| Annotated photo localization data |
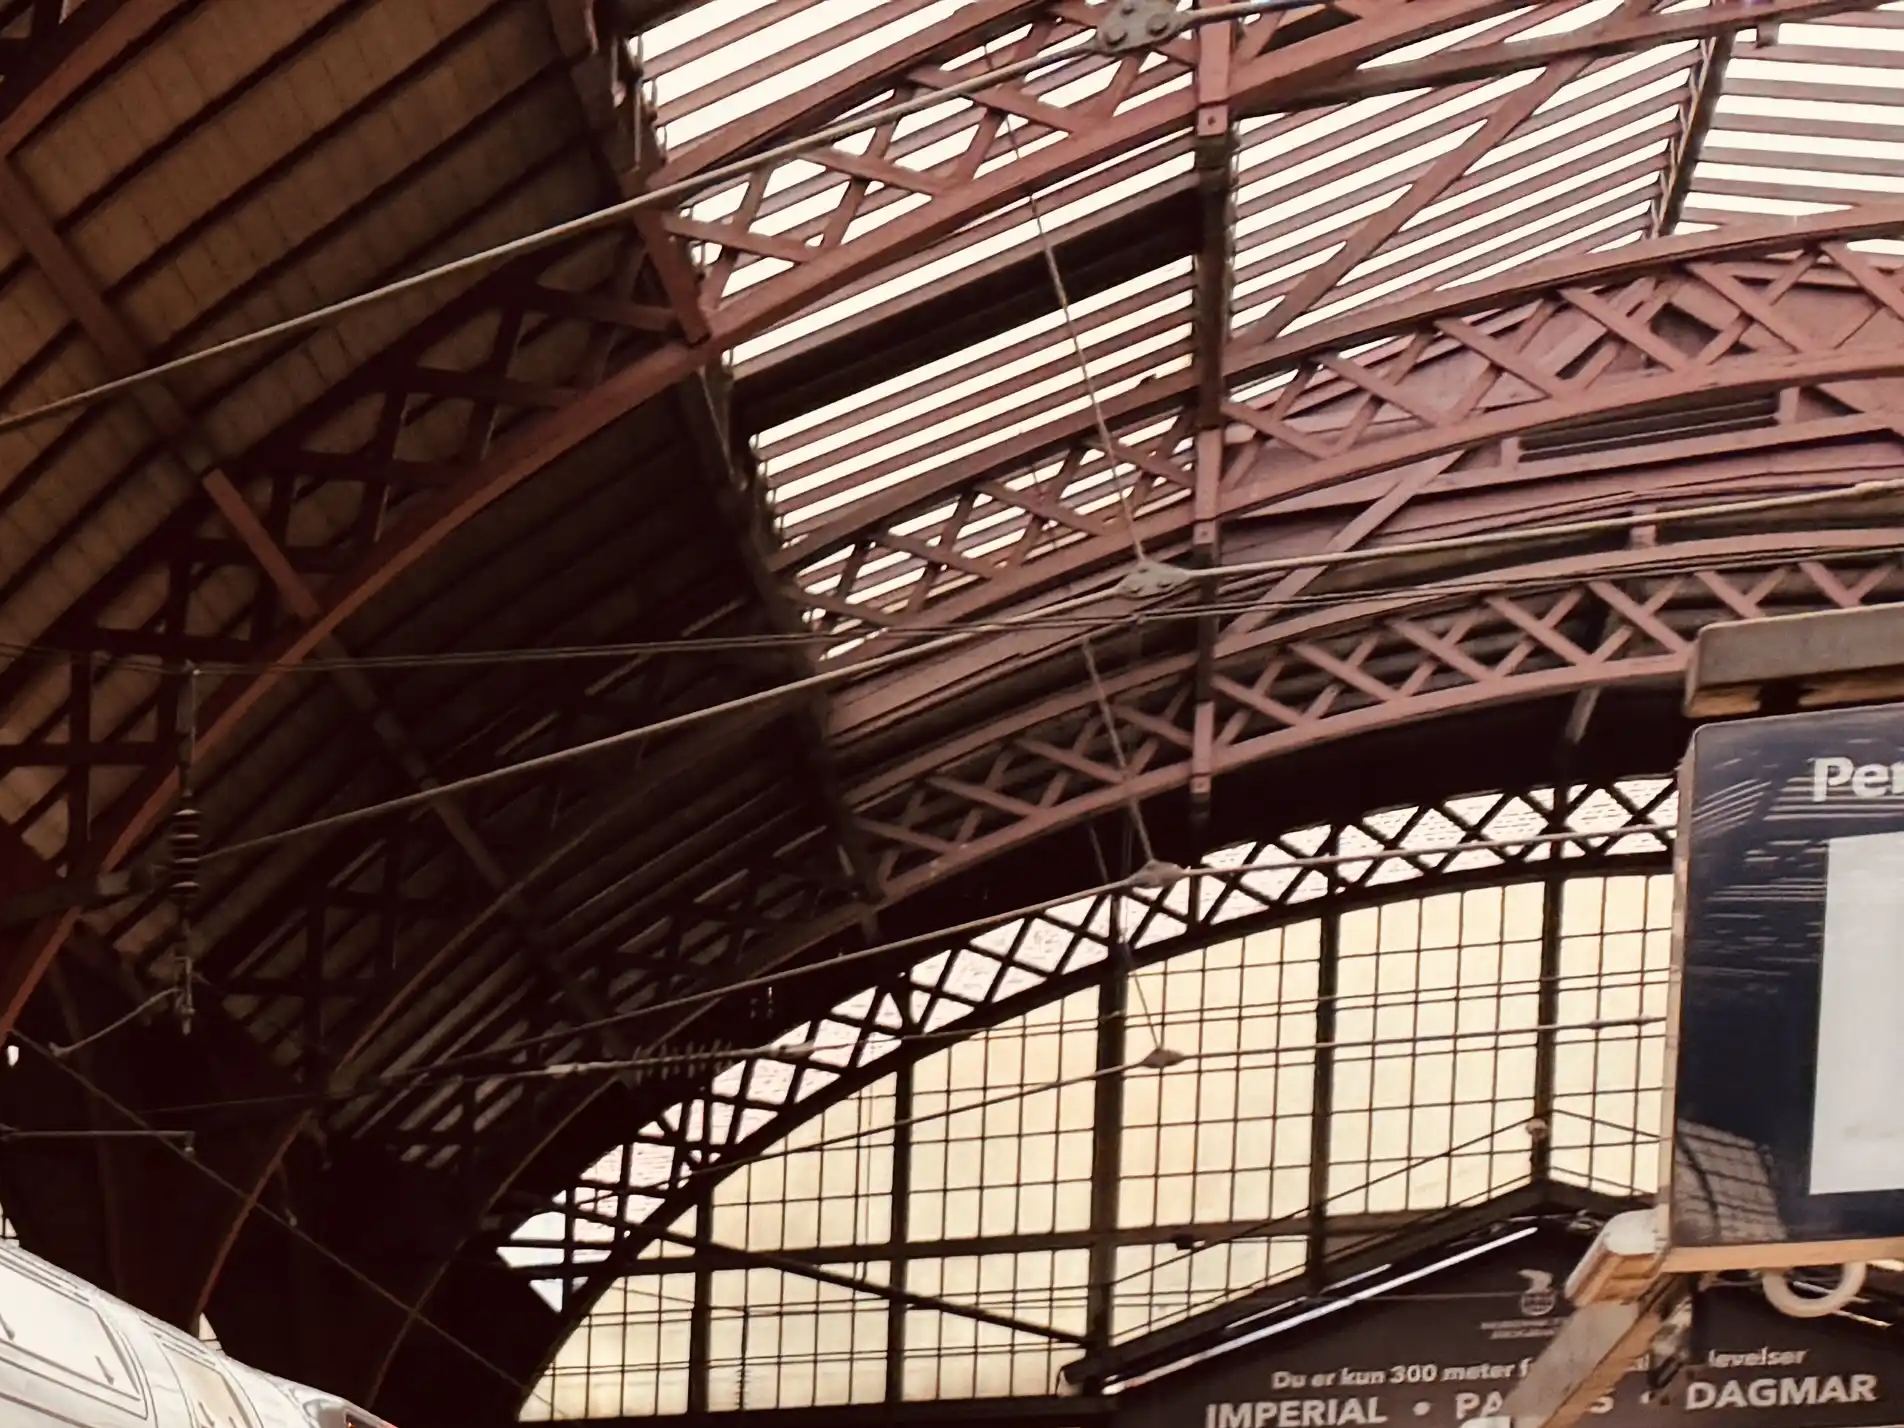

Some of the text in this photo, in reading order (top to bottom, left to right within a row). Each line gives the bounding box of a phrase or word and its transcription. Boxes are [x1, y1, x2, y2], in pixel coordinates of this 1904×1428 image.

[1708, 1346, 1808, 1368] levelser
[1272, 1370, 1305, 1391] Du
[1311, 1371, 1336, 1388] er
[1341, 1366, 1385, 1386] kun
[1389, 1363, 1437, 1384] 300
[1440, 1361, 1515, 1382] meter
[1685, 1374, 1878, 1411] DAGMAR

| WORK ORDER |
Without any pictures, please reproduce the full set of entries.

| EXERCISE SOLUTION |
Some of the text in this photo, in reading order (top to bottom, left to right within a row). Each line gives the bounding box of a phrase or word and its transcription. Boxes are [x1, y1, x2, y2], in pixel coordinates of this 1904×1428 image.

[1708, 1346, 1808, 1368] levelser
[1272, 1370, 1305, 1391] Du
[1311, 1371, 1336, 1388] er
[1341, 1366, 1385, 1386] kun
[1389, 1363, 1437, 1384] 300
[1440, 1361, 1515, 1382] meter
[1685, 1374, 1878, 1411] DAGMAR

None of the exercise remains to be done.